- **ACTION ITEM**
Pictures stay out. All the rest of the records must be repeated exactly.

- **DATA EXTRACTS**
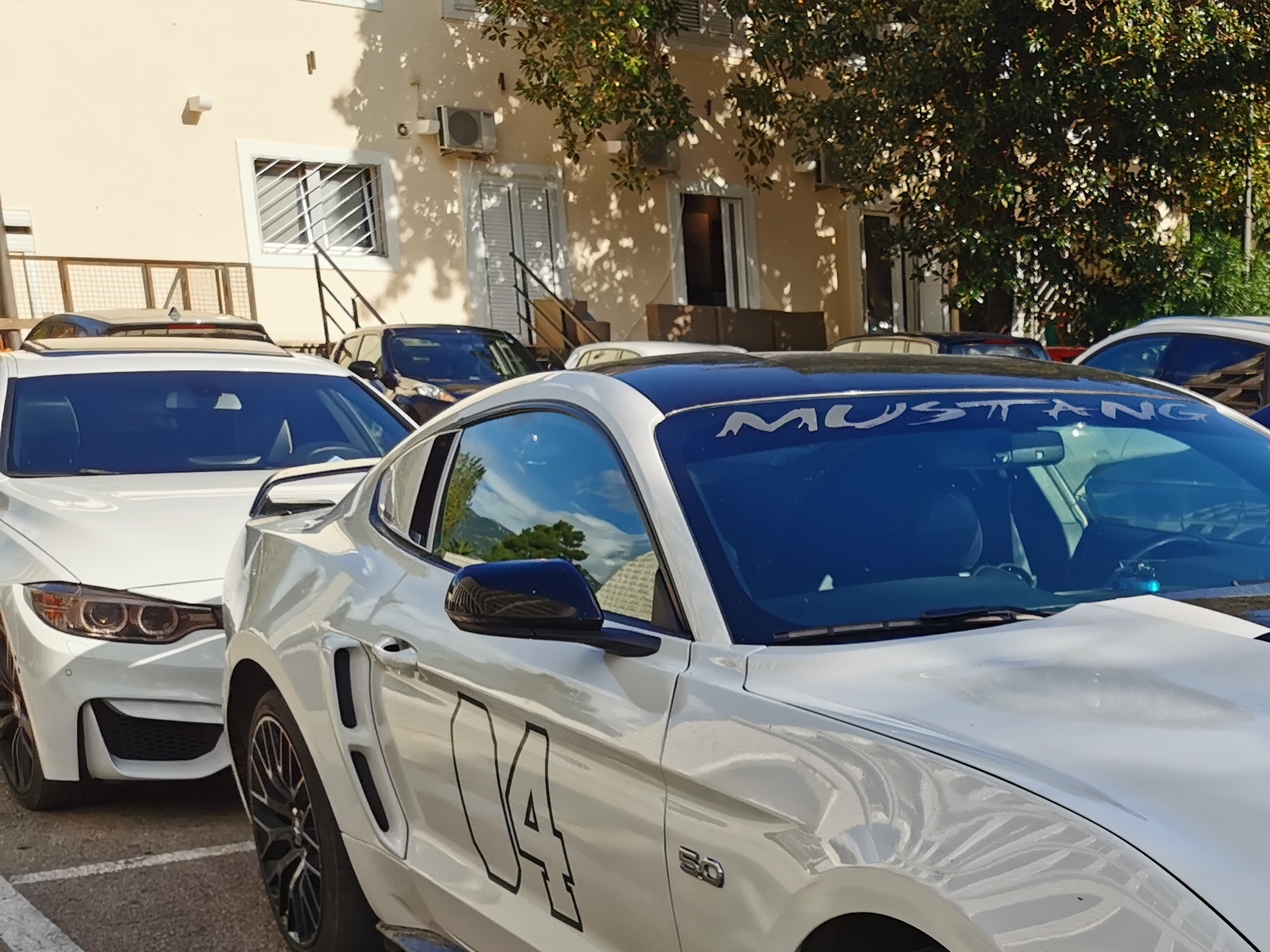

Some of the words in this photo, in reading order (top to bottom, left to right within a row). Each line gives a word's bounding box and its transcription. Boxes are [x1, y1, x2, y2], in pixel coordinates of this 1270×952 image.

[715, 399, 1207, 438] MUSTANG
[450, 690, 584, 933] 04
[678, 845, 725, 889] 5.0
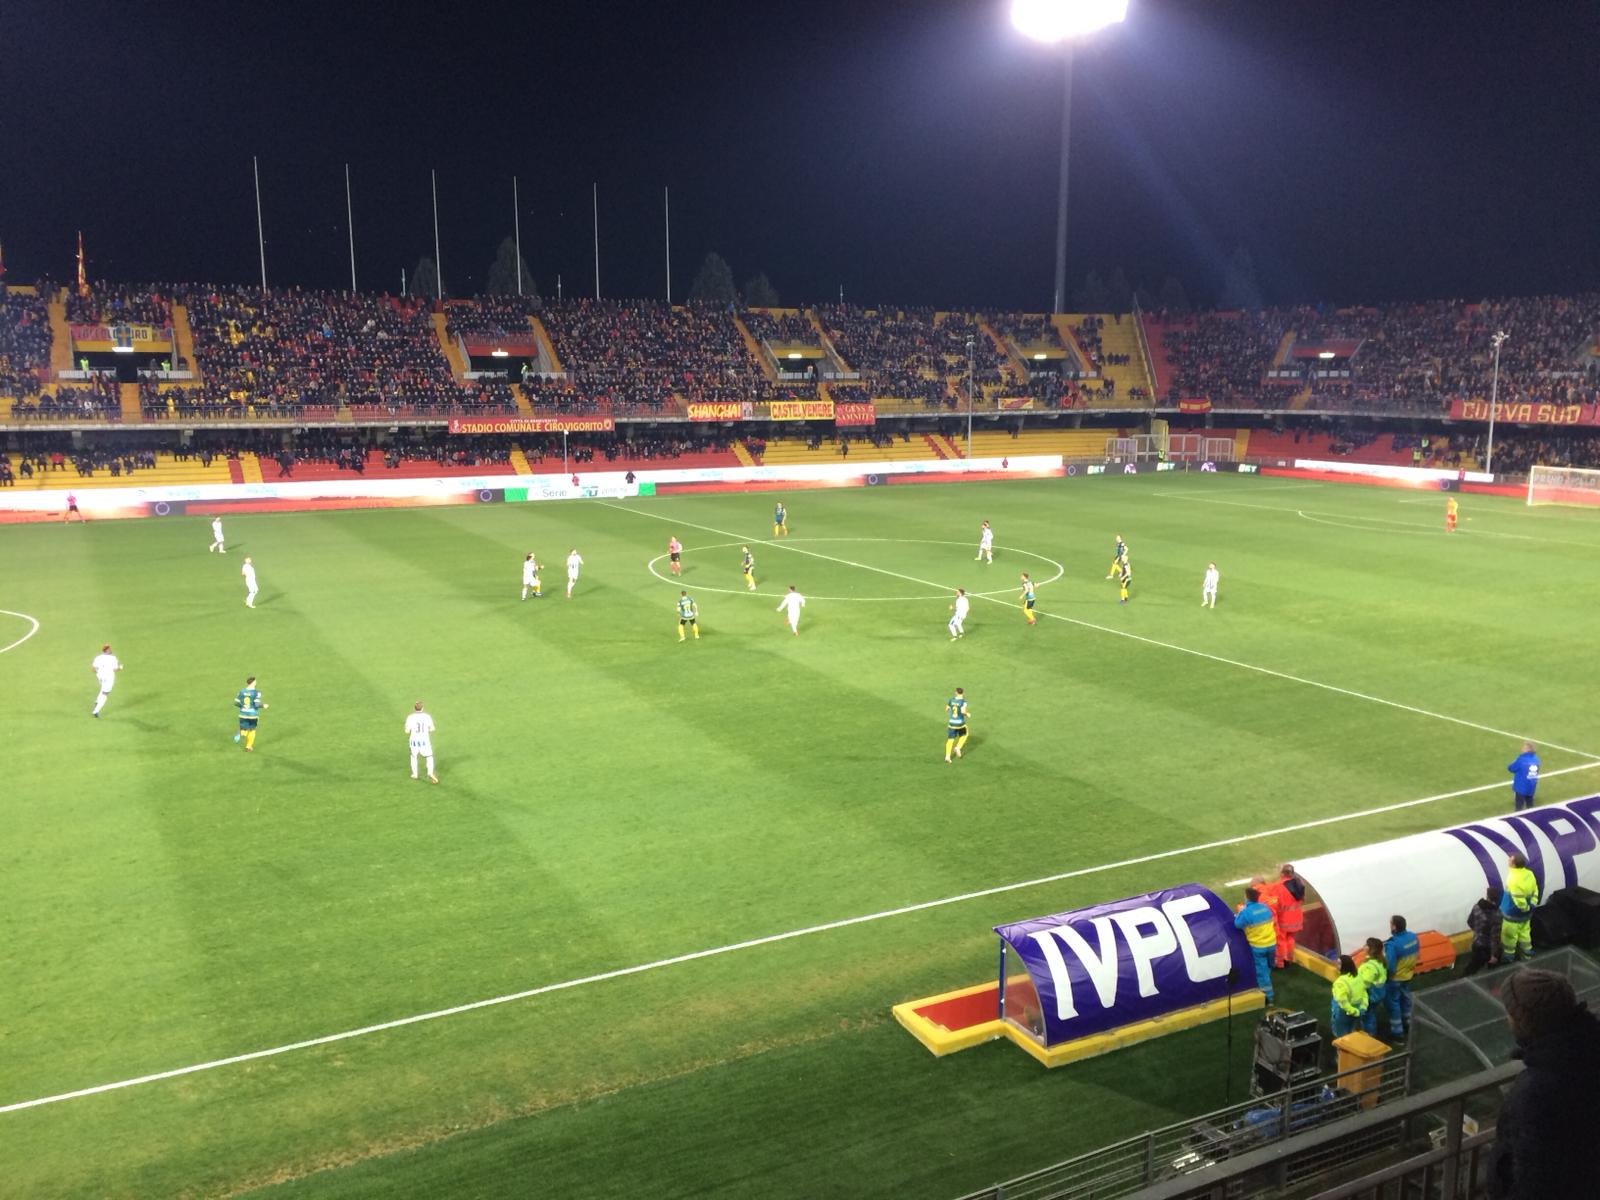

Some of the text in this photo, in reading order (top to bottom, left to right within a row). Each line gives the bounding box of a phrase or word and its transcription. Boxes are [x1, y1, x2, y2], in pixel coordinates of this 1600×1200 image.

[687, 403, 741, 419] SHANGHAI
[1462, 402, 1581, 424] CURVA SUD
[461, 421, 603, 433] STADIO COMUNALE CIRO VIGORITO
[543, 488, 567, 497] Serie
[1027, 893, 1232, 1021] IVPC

- **RESPONSE BELOW**
Some of the words in this photo, in reading order (top to bottom, left to right within a row). Each line gives a word's bounding box and its transcription. Boxes are [x1, y1, x2, y2], in pixel coordinates of this 1270×952 image.

[715, 399, 1207, 438] MUSTANG
[450, 690, 584, 933] 04
[678, 845, 725, 889] 5.0

Some of the text in this photo, in reading order (top to bottom, left to right within a row). Each line gives the bounding box of a phrase or word and its transcription. Boxes are [x1, y1, x2, y2], in pixel coordinates of this 1600×1200 image.

[687, 403, 741, 419] SHANGHAI
[1462, 402, 1581, 424] CURVA SUD
[461, 421, 603, 433] STADIO COMUNALE CIRO VIGORITO
[543, 488, 567, 497] Serie
[1027, 893, 1232, 1021] IVPC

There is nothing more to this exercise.